Problem details: All records below must be reproduced exactly, although any pictures they contain are to be omitted.

Dataset excerpts:
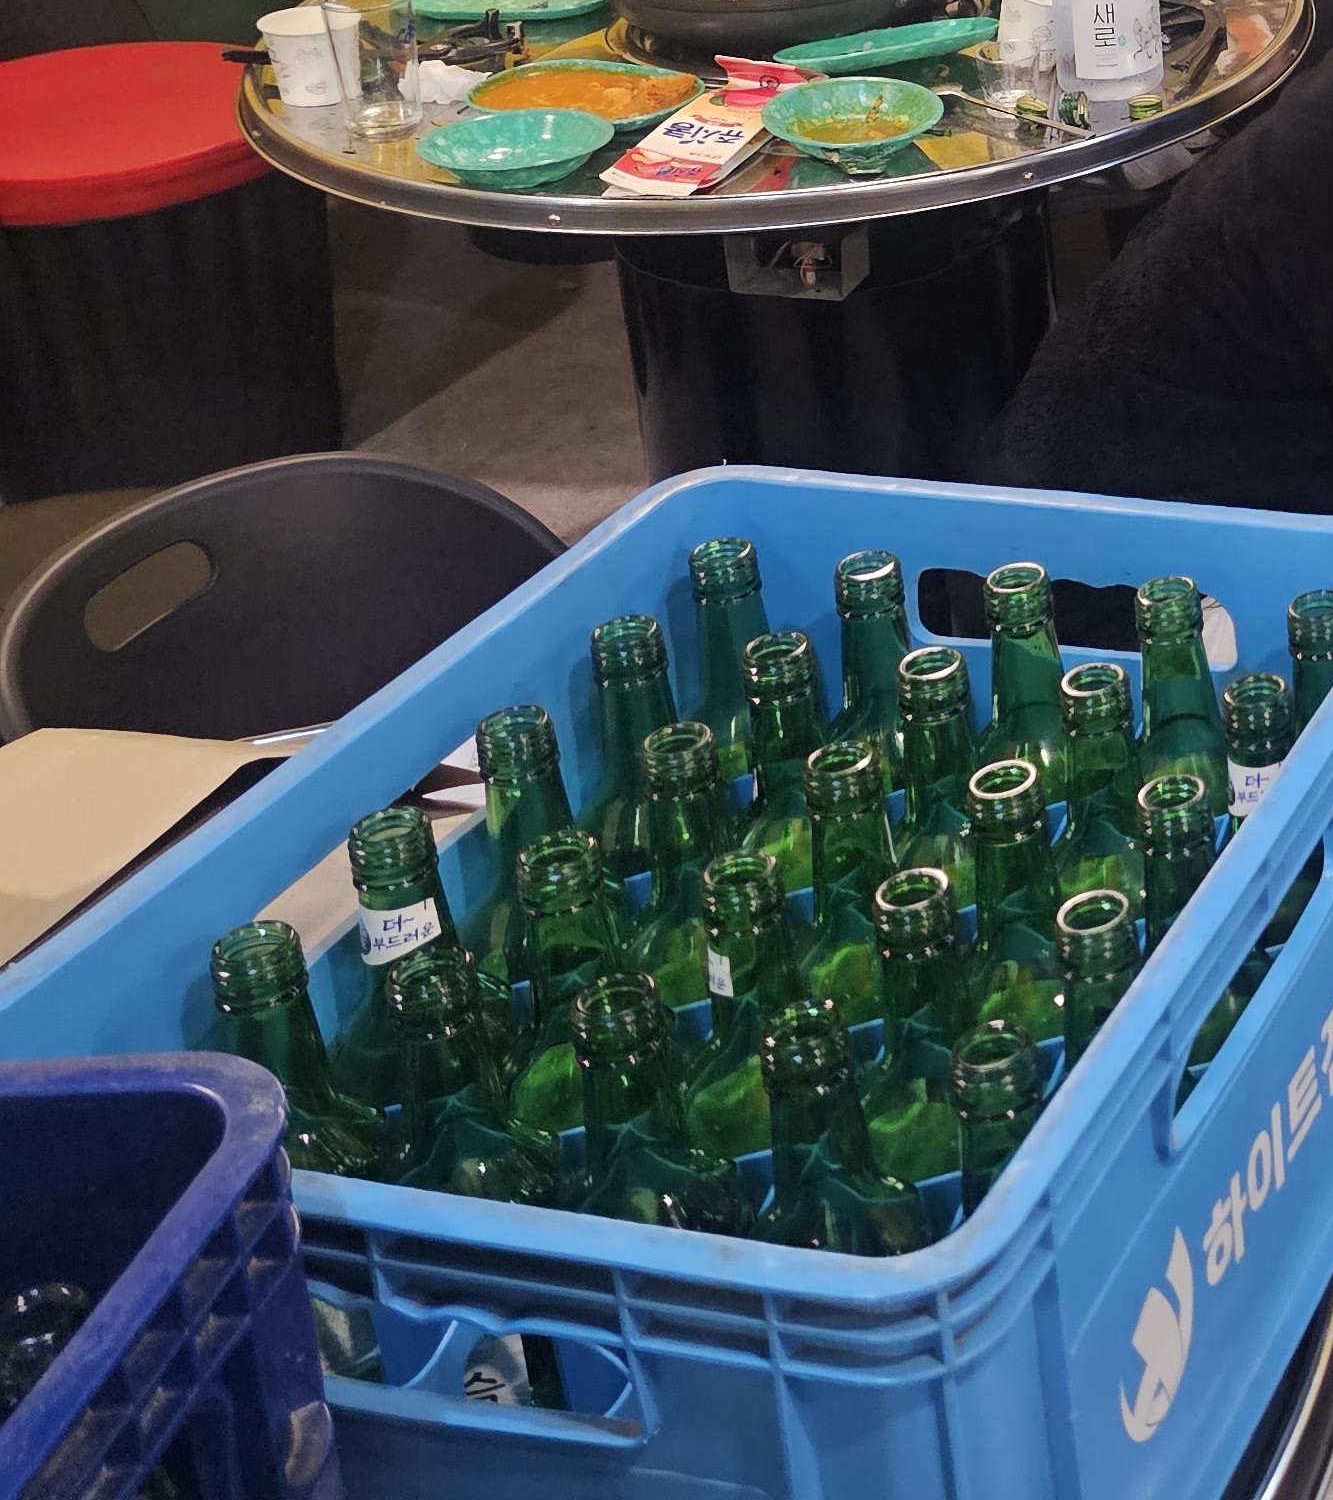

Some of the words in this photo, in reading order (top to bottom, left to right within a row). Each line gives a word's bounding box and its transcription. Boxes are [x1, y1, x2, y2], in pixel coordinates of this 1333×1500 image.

[1093, 2, 1117, 48] 새로
[662, 120, 746, 145] 쥬시쿨
[1237, 790, 1264, 804] 부드
[372, 921, 435, 951] 부드러운

Answer for the task:
Some of the words in this photo, in reading order (top to bottom, left to right within a row). Each line gives a word's bounding box and its transcription. Boxes are [x1, y1, x2, y2], in pixel coordinates of this 1333×1500 image.

[1093, 2, 1117, 48] 새로
[662, 120, 746, 145] 쥬시쿨
[1237, 790, 1264, 804] 부드
[372, 921, 435, 951] 부드러운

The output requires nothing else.